:: What to work on ::
Write out each record below exactly, without pictures.

[[ Dataset excerpts, beginning ]]

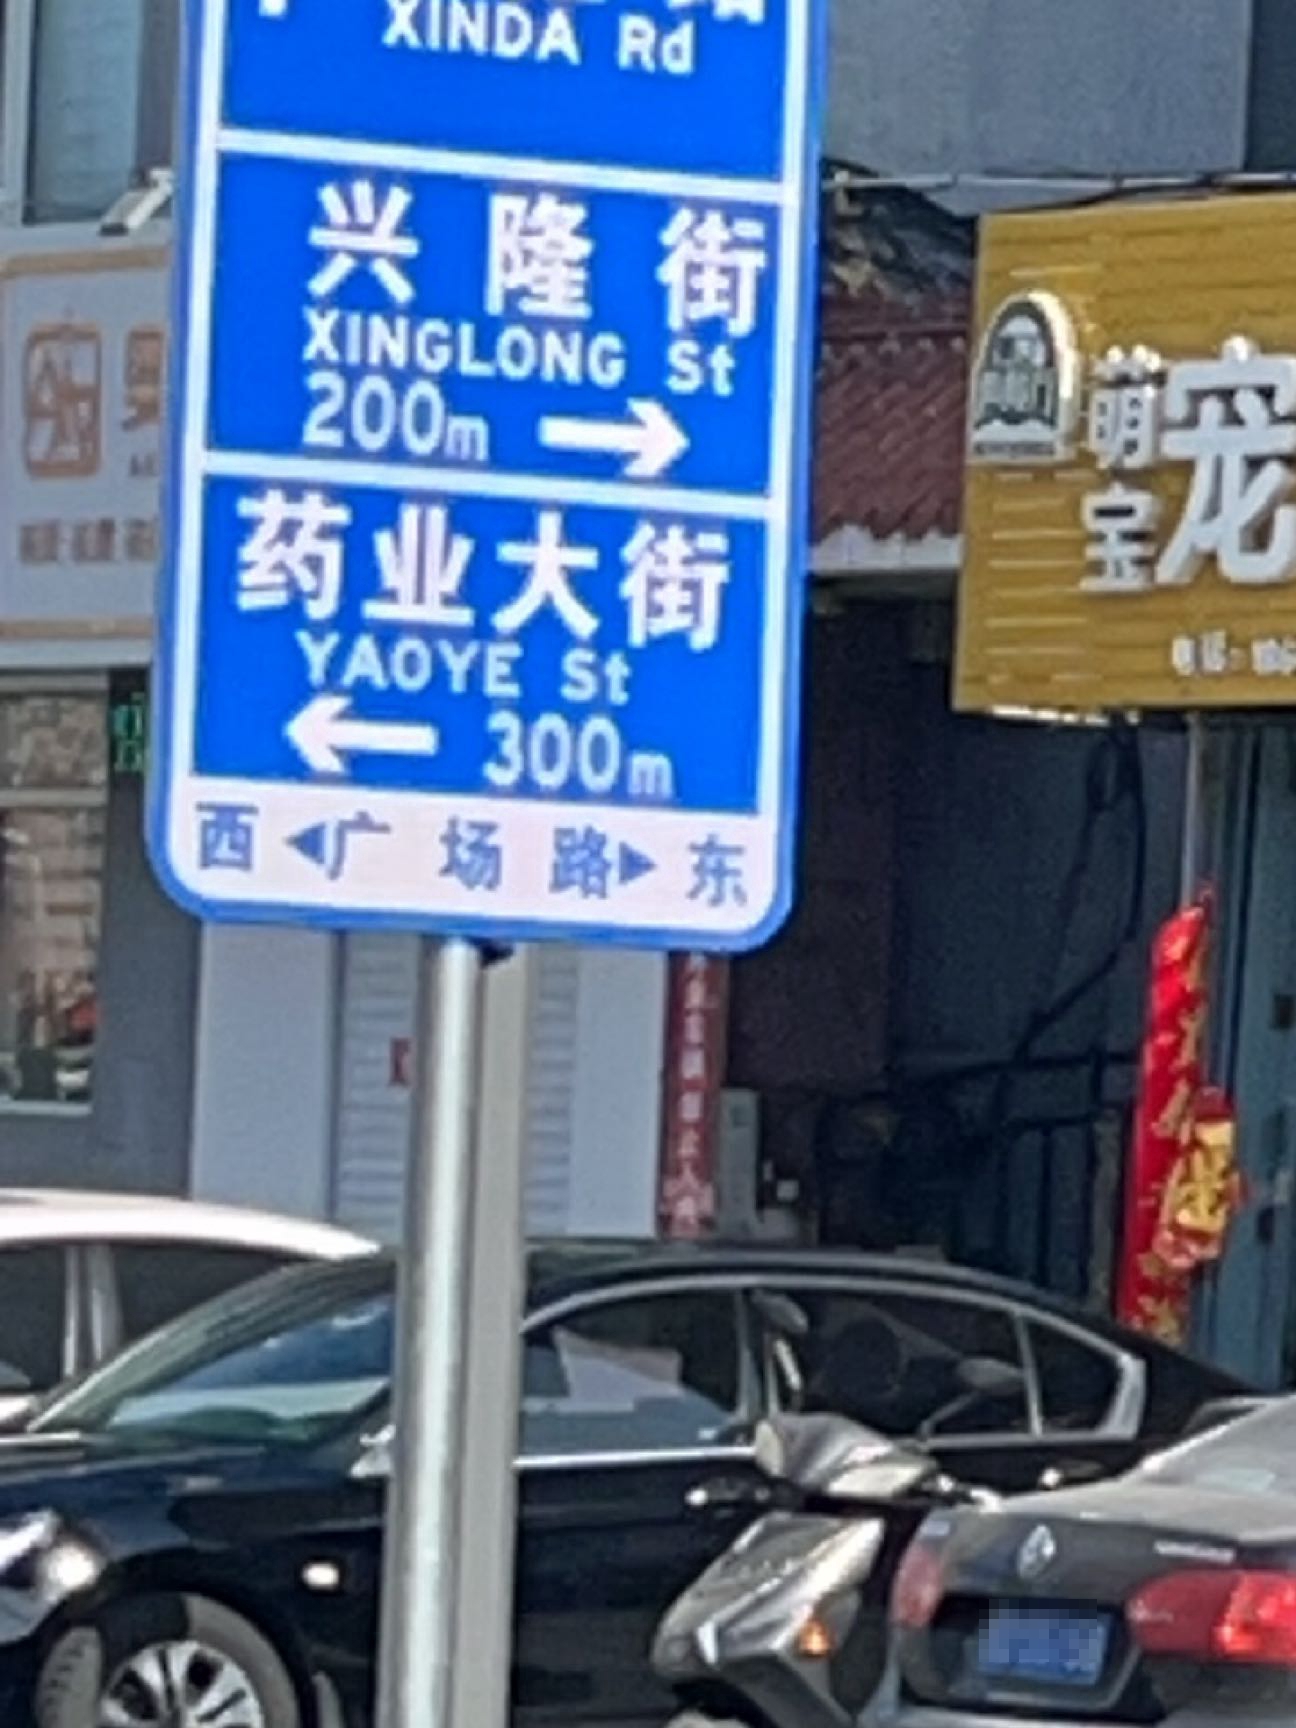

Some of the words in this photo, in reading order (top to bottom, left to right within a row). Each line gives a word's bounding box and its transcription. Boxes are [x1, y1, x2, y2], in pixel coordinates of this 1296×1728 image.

[382, 0, 580, 66] XINDA
[617, 16, 695, 75] Rd
[306, 179, 767, 340] 兴隆街
[302, 308, 626, 390] XINGLONG
[667, 344, 736, 396] St
[302, 373, 489, 462] 200m
[1080, 345, 1160, 592] 萌宝
[236, 487, 731, 652] 药业大街
[295, 631, 521, 698] YAOYE
[560, 649, 632, 706] St
[482, 711, 675, 800] 300m
[195, 804, 259, 871] 西
[324, 811, 612, 897] 广场路
[686, 835, 748, 906] 东
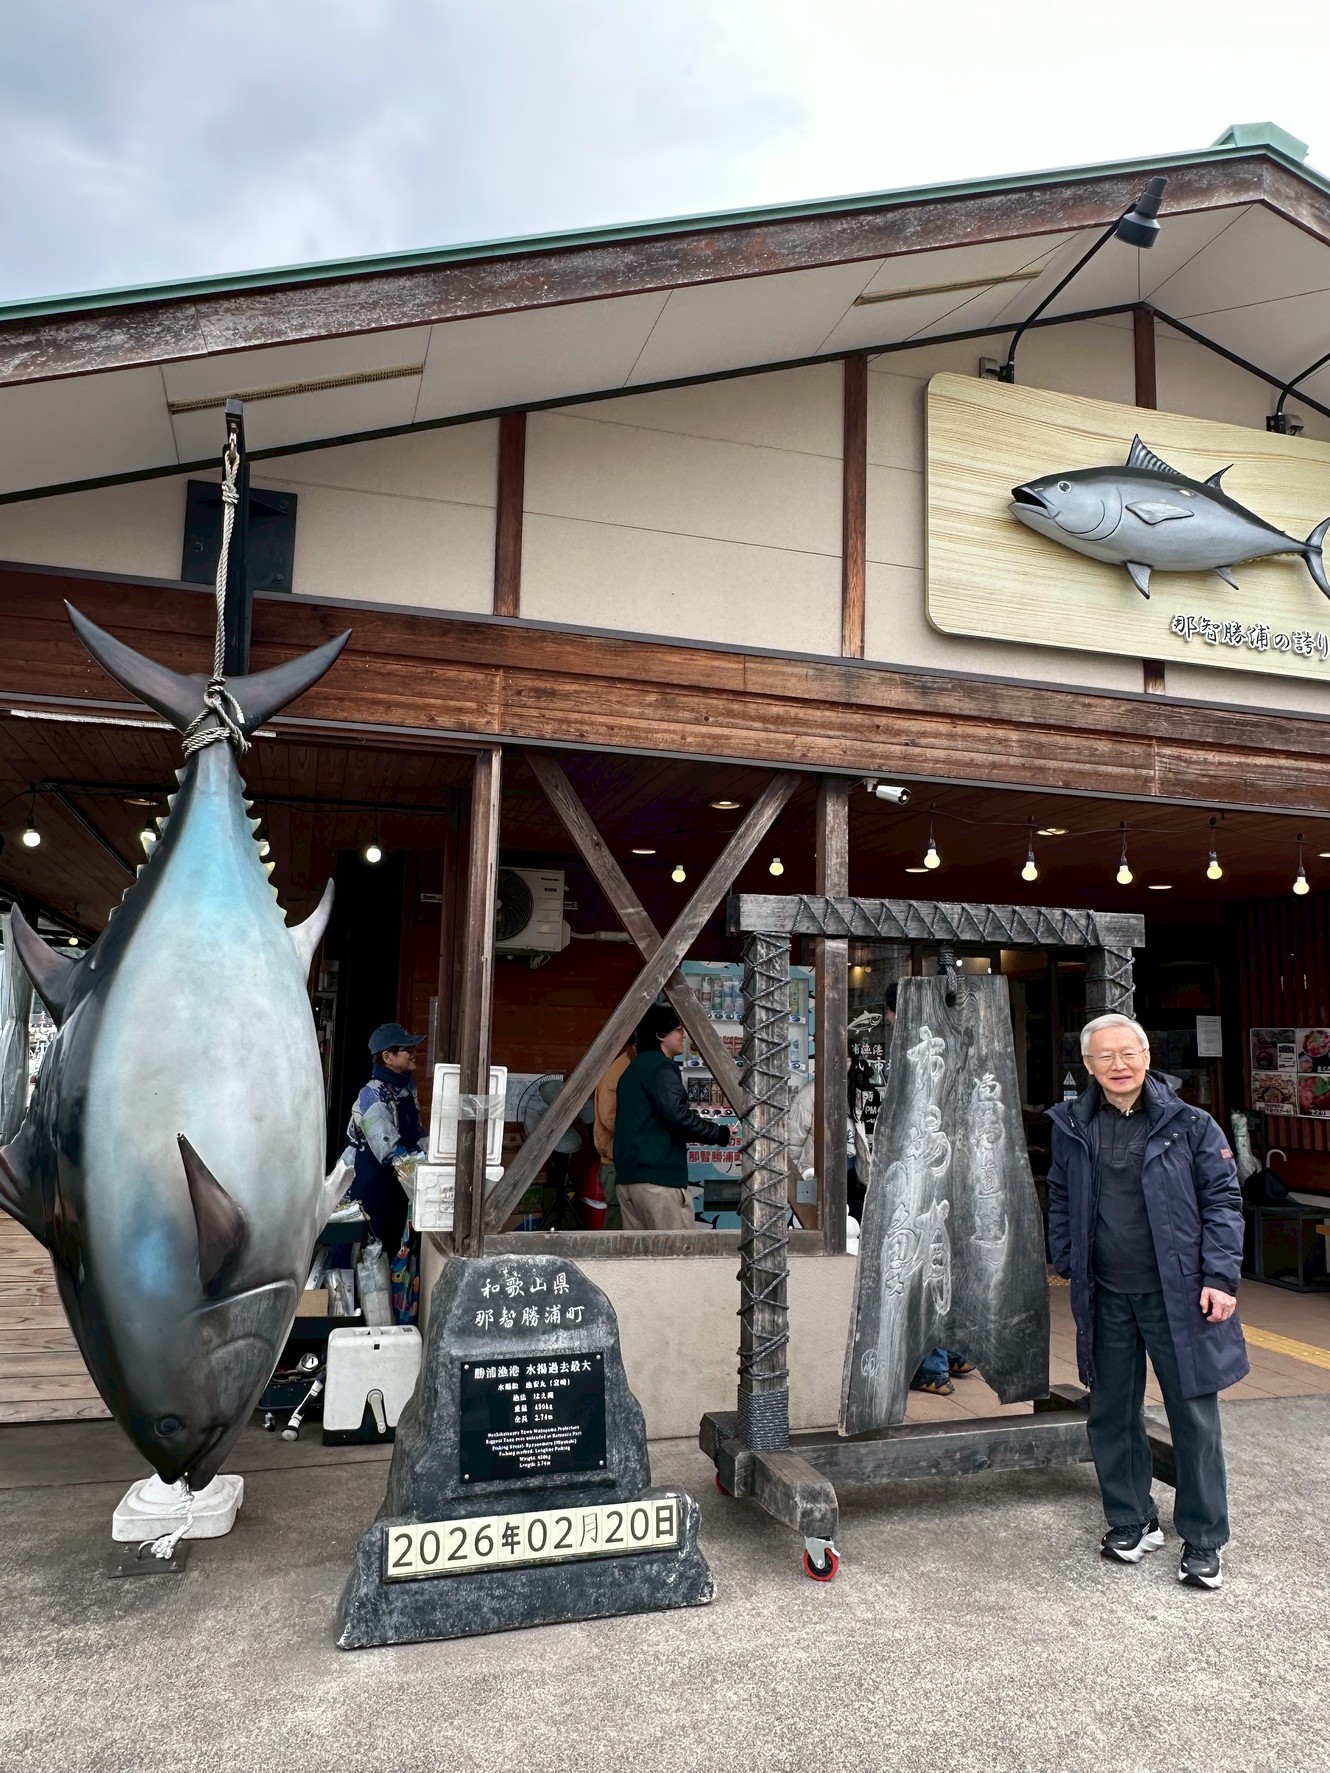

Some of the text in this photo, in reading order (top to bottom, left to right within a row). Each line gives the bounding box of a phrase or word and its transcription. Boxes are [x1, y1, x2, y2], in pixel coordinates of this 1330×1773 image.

[1172, 615, 1329, 659] 那智勝浦の誇り
[480, 1272, 570, 1299] 和歌山県
[474, 1304, 585, 1330] 那智勝浦町
[474, 1359, 592, 1379] 勝浦漁港 水揚過去最大
[392, 1505, 675, 1569] 2026年02月20日

[[ Dataset excerpts, end ]]

:: Your solution ::
Some of the words in this photo, in reading order (top to bottom, left to right within a row). Each line gives a word's bounding box and its transcription. Boxes are [x1, y1, x2, y2], in pixel coordinates of this 1296×1728 image.

[382, 0, 580, 66] XINDA
[617, 16, 695, 75] Rd
[306, 179, 767, 340] 兴隆街
[302, 308, 626, 390] XINGLONG
[667, 344, 736, 396] St
[302, 373, 489, 462] 200m
[1080, 345, 1160, 592] 萌宝
[236, 487, 731, 652] 药业大街
[295, 631, 521, 698] YAOYE
[560, 649, 632, 706] St
[482, 711, 675, 800] 300m
[195, 804, 259, 871] 西
[324, 811, 612, 897] 广场路
[686, 835, 748, 906] 东

Some of the text in this photo, in reading order (top to bottom, left to right within a row). Each line gives the bounding box of a phrase or word and its transcription. Boxes are [x1, y1, x2, y2], in pixel coordinates of this 1330×1773 image.

[1172, 615, 1329, 659] 那智勝浦の誇り
[480, 1272, 570, 1299] 和歌山県
[474, 1304, 585, 1330] 那智勝浦町
[474, 1359, 592, 1379] 勝浦漁港 水揚過去最大
[392, 1505, 675, 1569] 2026年02月20日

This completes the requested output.